Wednesday 4 July 2018

Topping-out!

So, the installation of the noticeboard corresponded, with a week of hot days. There could really not be a more pleasant site, overlooking the Deer Park, fields and woodland on Dartington Hall estate.



The noticeboard is going adjacent to these lovely gates, made by my friend Jeremy of Properedges.com.


The noticeboard is based upon Dartington Church lych gate. However, unlike the lych gate there are no supporting banks to the side. So we are going for a double-whammy of earthfast or concretefast post and feet morticed into the posts. It's larch so the posts and bottom of the feet have been charred to help prevent rot.


It's erection day.






The accomodation is compact and bijou, but then it is a noticeboard!


As the last cedar shingle was nailed to the roof, these oak leaves landed on the ridge. That's what I call a topping-out ceremony!






Saturday 16 June 2018

Deer Park (Short)Noticeboard

At extremely short notice, we have been asked to create a noticeboard for the grand opening of the new Dartington Hall deer park. When is it we ask? 9 days time is the answer.
Best crack on then!




















By all means try this at home, but please wear more sensible footwear!


Pulling the plate square. Ratchet straps are where it's at, this week.
 








Moving on

We recently moved house. The new place has a lot more space and the workshop is getting crowded. A great opportunity to empty one and fill up the other, with all the lovely things that I make. It's great to see my settle in a domestic setting at last.







The doors here are narrow and there's enough renovation to do without widening them, so there was only one thing for it; drill out a few pegs. Even when drilled, they didn't want to come out, a testament to the strength of the drawbore joint!


Although the settle has settled, so to speak, I am holding it together with ratchet straps for now; you never know when wanderlust is going to take hold.


We have an ash and elm hedge out the back with a few maybe thirty year old trees in it. I am loathe to cut down an ash, with chalara dieback about to devastate the UK ash population, but one was leaning precariously over my daughters' new bedroom. Down it came! Lots of lovely bowl material.





















I was recently asked to replace some window frames. Although probably only a hundred years old, the houses they belong to are within the curtilage of a grade 1 listed building. The conservation officer's interest was focused on the steel windows that the wooden frame contains.

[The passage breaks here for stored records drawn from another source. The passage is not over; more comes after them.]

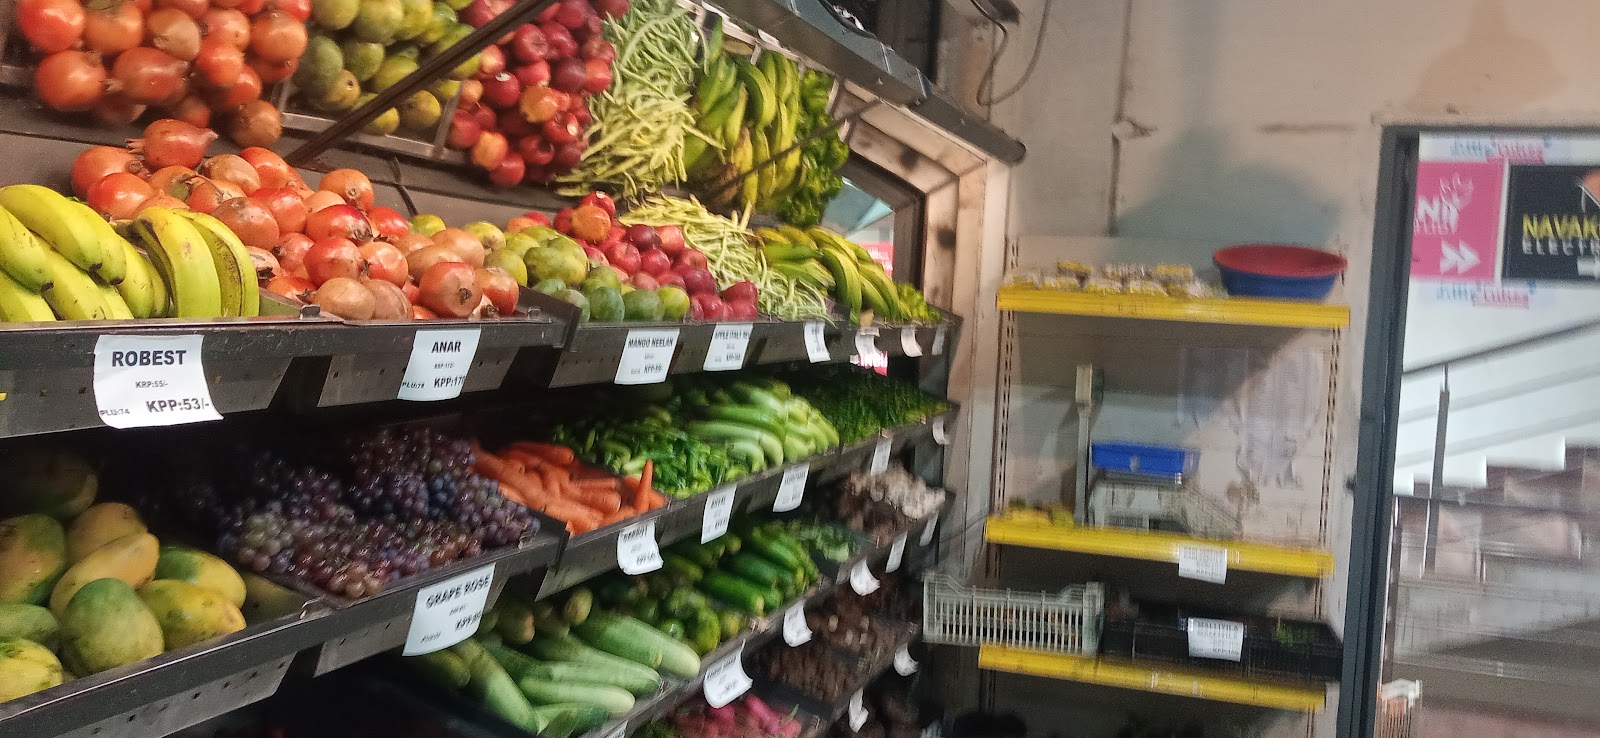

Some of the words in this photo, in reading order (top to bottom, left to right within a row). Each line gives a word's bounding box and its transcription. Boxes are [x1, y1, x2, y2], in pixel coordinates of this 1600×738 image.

[431, 341, 462, 353] ANAR
[628, 337, 651, 349] MANGO
[111, 350, 187, 367] ROBEST
[135, 380, 169, 389] KRP:55/-
[145, 398, 210, 413] KPP:53/-
[99, 408, 131, 416] PLU:74
[426, 584, 463, 609] GRAPE
[463, 573, 491, 596] ROSE
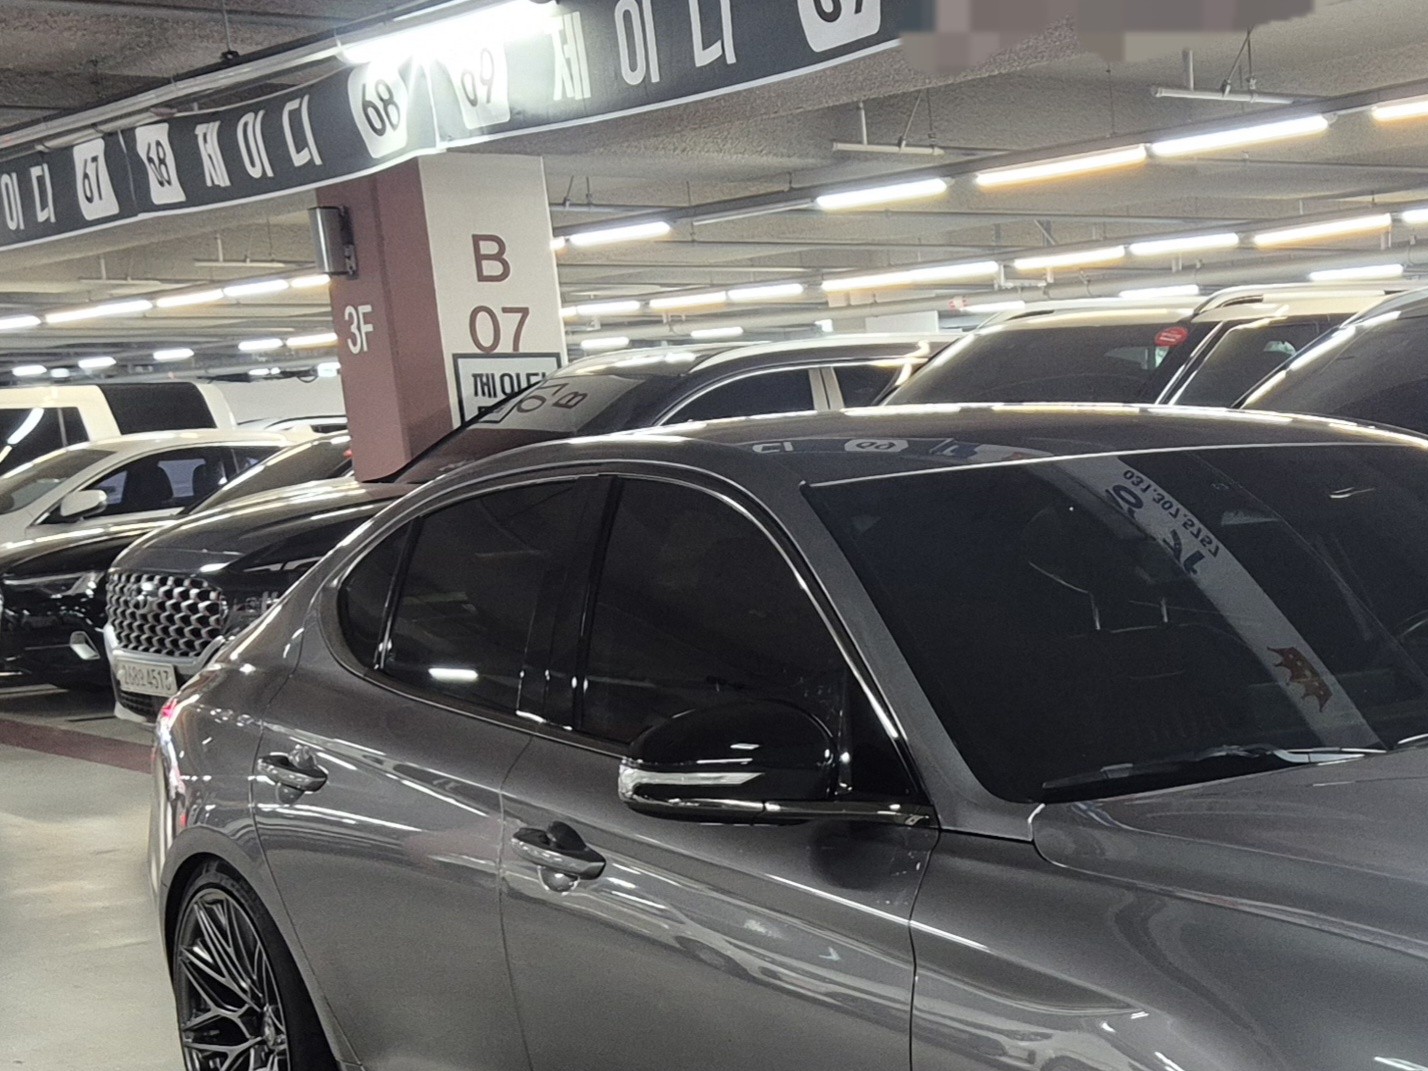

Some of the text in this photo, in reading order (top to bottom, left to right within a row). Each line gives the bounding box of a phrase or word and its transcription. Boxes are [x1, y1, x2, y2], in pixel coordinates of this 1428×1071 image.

[147, 79, 400, 189] 68 제이디 68
[81, 155, 99, 204] 67
[472, 233, 511, 282] B
[344, 304, 374, 354] 3F
[469, 305, 530, 353] 07
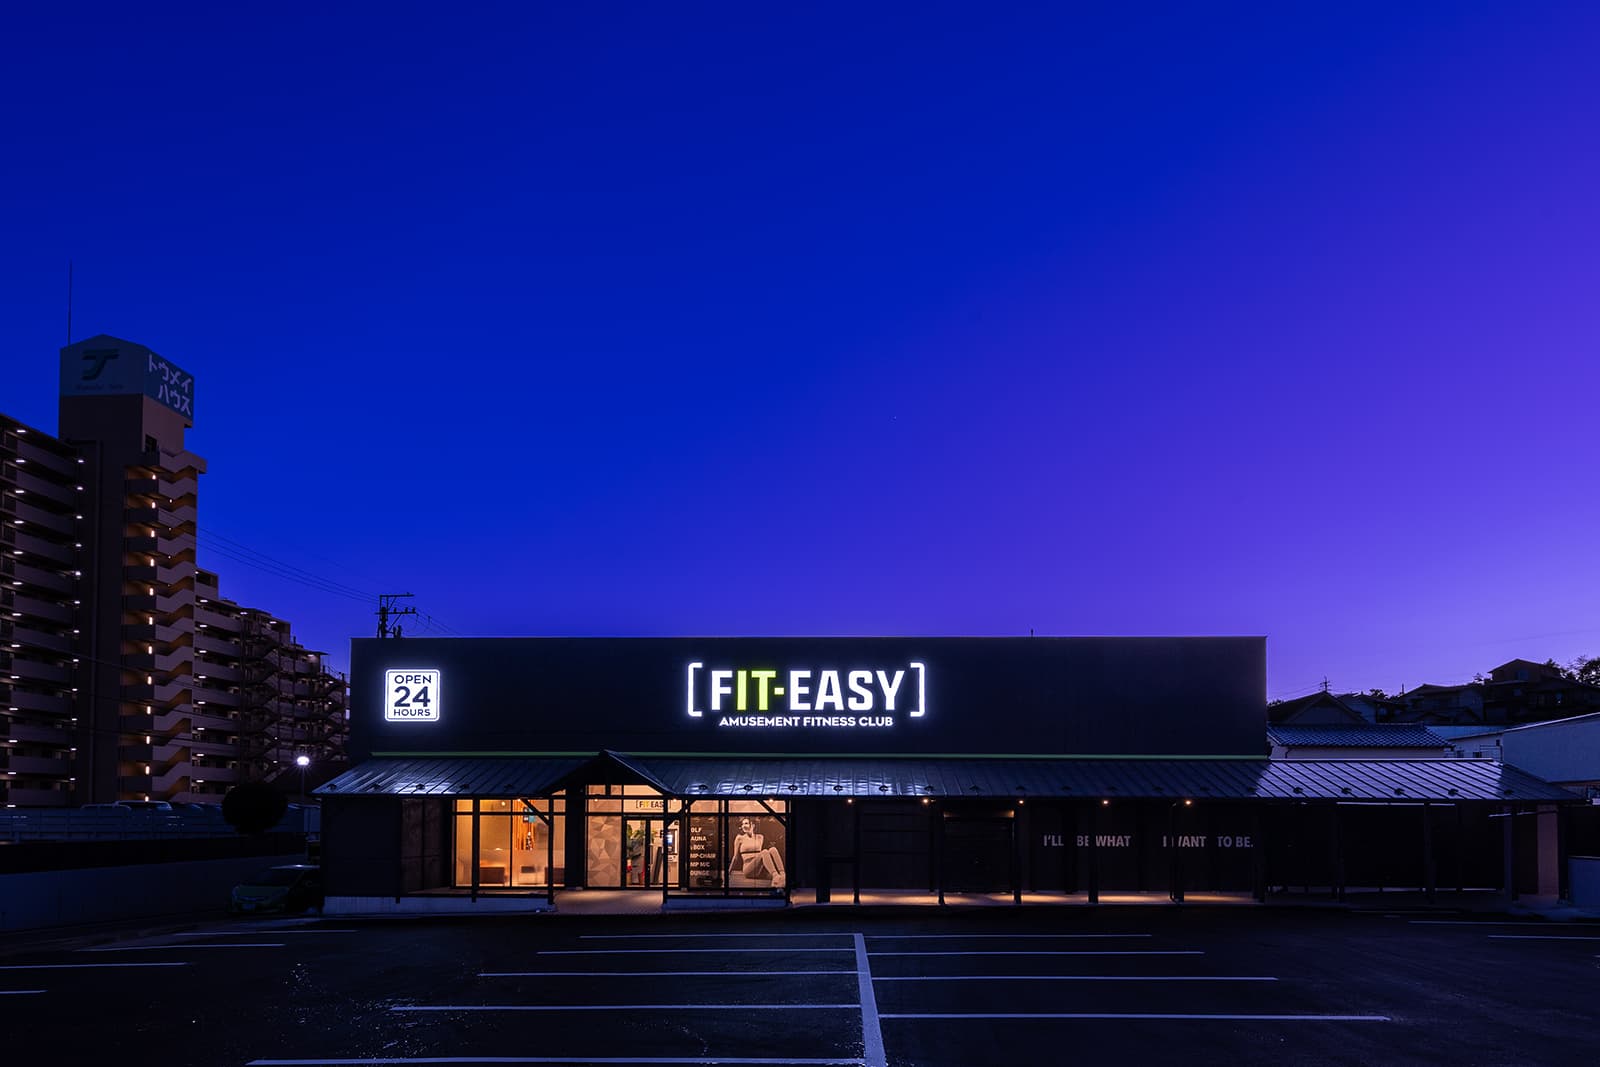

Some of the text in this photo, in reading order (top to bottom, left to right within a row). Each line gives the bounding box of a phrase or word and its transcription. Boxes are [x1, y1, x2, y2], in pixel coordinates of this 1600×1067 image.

[148, 352, 193, 394] トウメイ
[157, 382, 193, 416] ハウス
[394, 675, 431, 684] OPEN
[394, 685, 430, 707] 24
[393, 708, 430, 717] HOURS
[719, 716, 894, 727] AMUSEMENT FITNESS CLUB
[1043, 834, 1065, 848] I'LL
[1095, 834, 1132, 848] WHAT
[1216, 834, 1232, 848] TO
[1235, 834, 1254, 848] BE.
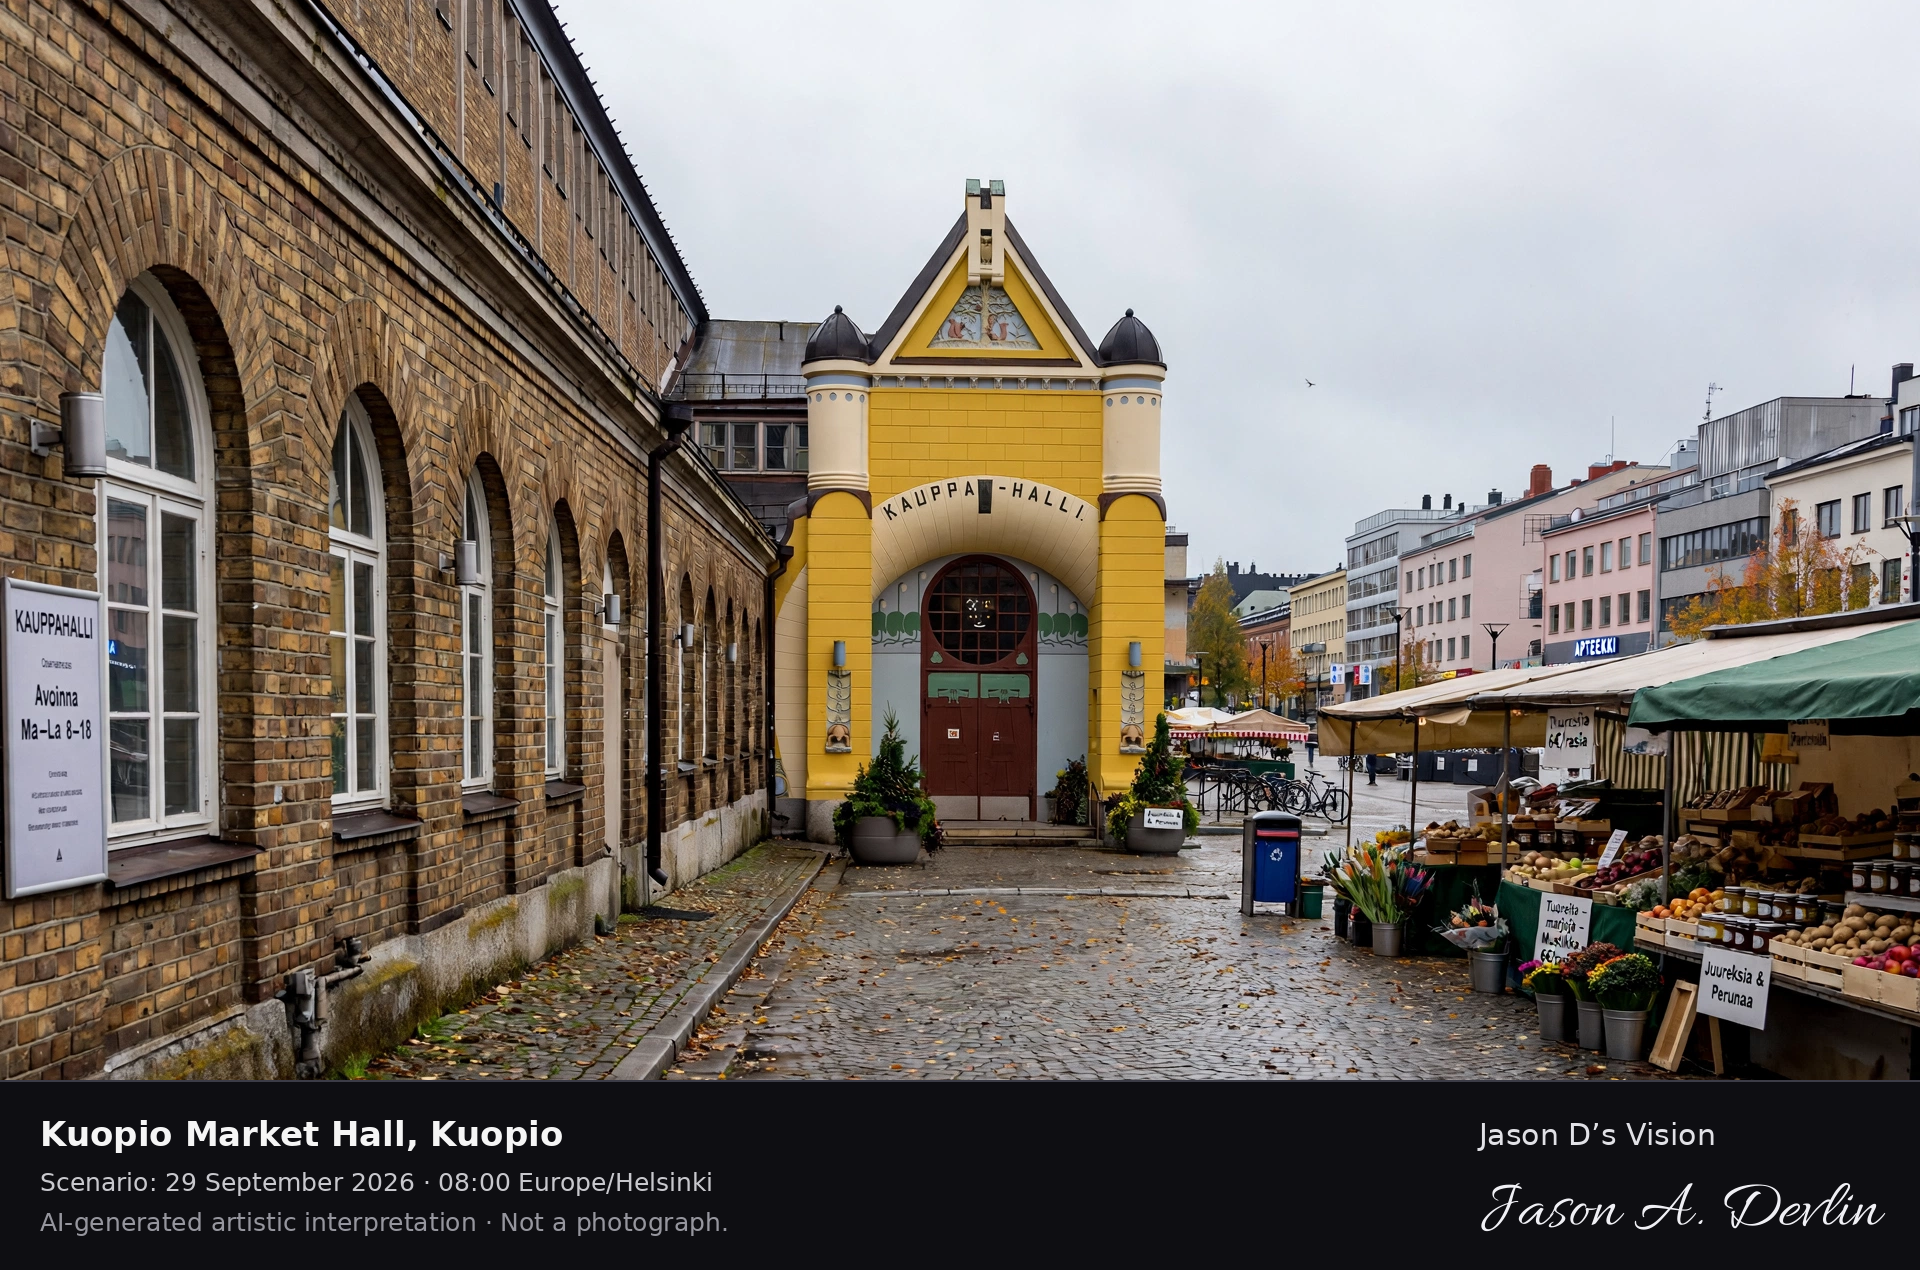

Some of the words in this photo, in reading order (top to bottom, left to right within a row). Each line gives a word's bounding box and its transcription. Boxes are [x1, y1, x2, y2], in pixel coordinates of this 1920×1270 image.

What is far more interesting, is the construction of the wooden frame and the dormer itself. On closer inspection we realised that the window frame was the main part of the dormer's framing. Replacement was out of the question without a huge amount of disruption to the tenants and the roofing process, which was already in full swing. What at first appeared to be fascia, was actually a cap to protect the rafters.



So repair was the best option. On cutting back the oak cill on the first window, the construction was exposed. Pegs and wedges.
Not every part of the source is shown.